An immunotherapy already in clinical trials as a cancer treatment should also be tested as a way to slow the progress of Parkinson's disease, researchers at Johns Hopkins say.
The research team has identified a protein that enables a toxic natural aggregate to spread from cell to cell in a mammal's brain, the process by which some scientists believe Parkinson's disease progresses. By studying mice and cultured cells, the Johns Hopkins team has devised a way to block that protein's action.
A report on their findings appears online tomorrow in the journal Science.
More than 1 million people in the United States live with Parkinson's disease. The disease gradually strips away motor abilities, leaving people with a slow and awkward gait, rigid limbs, tremors, shuffling, and a lack of balance. Its causes are not well-understood.
Ted Dawson, director of the Institute for Cell Engineering at the Johns Hopkins School of Medicine and one of the study's leaders, says the new findings hinge on how aggregates of α-synuclein protein enter brain cells. Abnormal clumps of α-synuclein protein are often found in autopsies of people with Parkinson's disease and are thought to cause the death of dopamine-producing brain cells.

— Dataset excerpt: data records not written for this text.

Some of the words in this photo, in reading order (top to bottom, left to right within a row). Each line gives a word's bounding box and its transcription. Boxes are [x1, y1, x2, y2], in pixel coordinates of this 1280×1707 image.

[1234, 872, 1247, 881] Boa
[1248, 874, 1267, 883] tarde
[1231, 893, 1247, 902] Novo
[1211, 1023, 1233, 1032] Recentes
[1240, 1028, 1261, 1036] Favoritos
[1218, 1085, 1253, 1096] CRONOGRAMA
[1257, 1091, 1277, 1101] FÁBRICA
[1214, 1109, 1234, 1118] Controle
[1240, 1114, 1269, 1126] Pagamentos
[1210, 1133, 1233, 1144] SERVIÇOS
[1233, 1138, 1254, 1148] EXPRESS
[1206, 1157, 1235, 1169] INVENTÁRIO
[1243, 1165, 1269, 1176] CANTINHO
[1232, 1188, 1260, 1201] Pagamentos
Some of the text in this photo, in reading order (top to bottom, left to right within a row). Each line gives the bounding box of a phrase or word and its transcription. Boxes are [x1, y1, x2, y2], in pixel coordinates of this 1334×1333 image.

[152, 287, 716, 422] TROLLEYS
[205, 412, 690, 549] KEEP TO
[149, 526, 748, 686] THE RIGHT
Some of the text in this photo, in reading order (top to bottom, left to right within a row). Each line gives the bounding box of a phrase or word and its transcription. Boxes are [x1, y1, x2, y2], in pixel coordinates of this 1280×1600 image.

A few years ago, Dawson says, a researcher at Goethe University in Germany published evidence for a novel theory that Parkinson's disease progresses as α-synuclein aggregates spread from brain cell to brain cell, inducing previously normal α-synuclein protein to aggregate, and gradually move from the "lower" brain structures responsible for movement and basic functions to "higher" areas associated with processes like memory and reasoning.
"There was a lot of skepticism, but then other labs showed α-synuclein might spread from cell to cell," Dawson says. Intrigued, his research group began working with teams led by Valina Dawson, a professor of neurology, and Han Seok Ko, an assistant professor of neurology, to investigate how the aggregates enter cells.
The researchers knew they were looking for a certain kind of protein called a transmembrane receptor, which is found on the outside of a cell and works like a lock in a door, admitting only proteins with the right "key." They first found a type of cells α-synuclein aggregates could not enter—a line of human brain cancer cells grown in the laboratory. The next step was to add genes for transmembrane receptors one by one to the cells and see whether any of them allowed the aggregates in. Three of the proteins did, and one—LAG3—had a heavy preference for latching on to α-synuclein aggregates over nonclumped α-synuclein.
The team next bred mice that lacked the gene for LAG3 and injected them with α-synuclein aggregates.
"Typical mice develop Parkinson's-like symptoms soon after they're injected, and within six months, half of their dopamine-making neurons die," Dawson says. "But mice without LAG3 were almost completely protected from these effects."
Antibodies that blocked LAG3 had similar protective effects in cultured neurons, the researchers found.
"We were excited to find not only how α-synuclein aggregates spread through the brain, but also that their progress could be blocked by existing antibodies," says Xiaobo Mao, a research associate in Dawson's laboratory and first author on the study.
Dawson notes that antibodies targeting LAG3 are already in clinical trials to test whether they can beef up the immune system during chemotherapy. If those trials demonstrate the drugs' safety, the process of testing them as therapeutics for Parkinsons' disease might be sped up, he says.
For now, the research team is planning to continue testing LAG3 antibodies in mice and to further explore LAG3's function.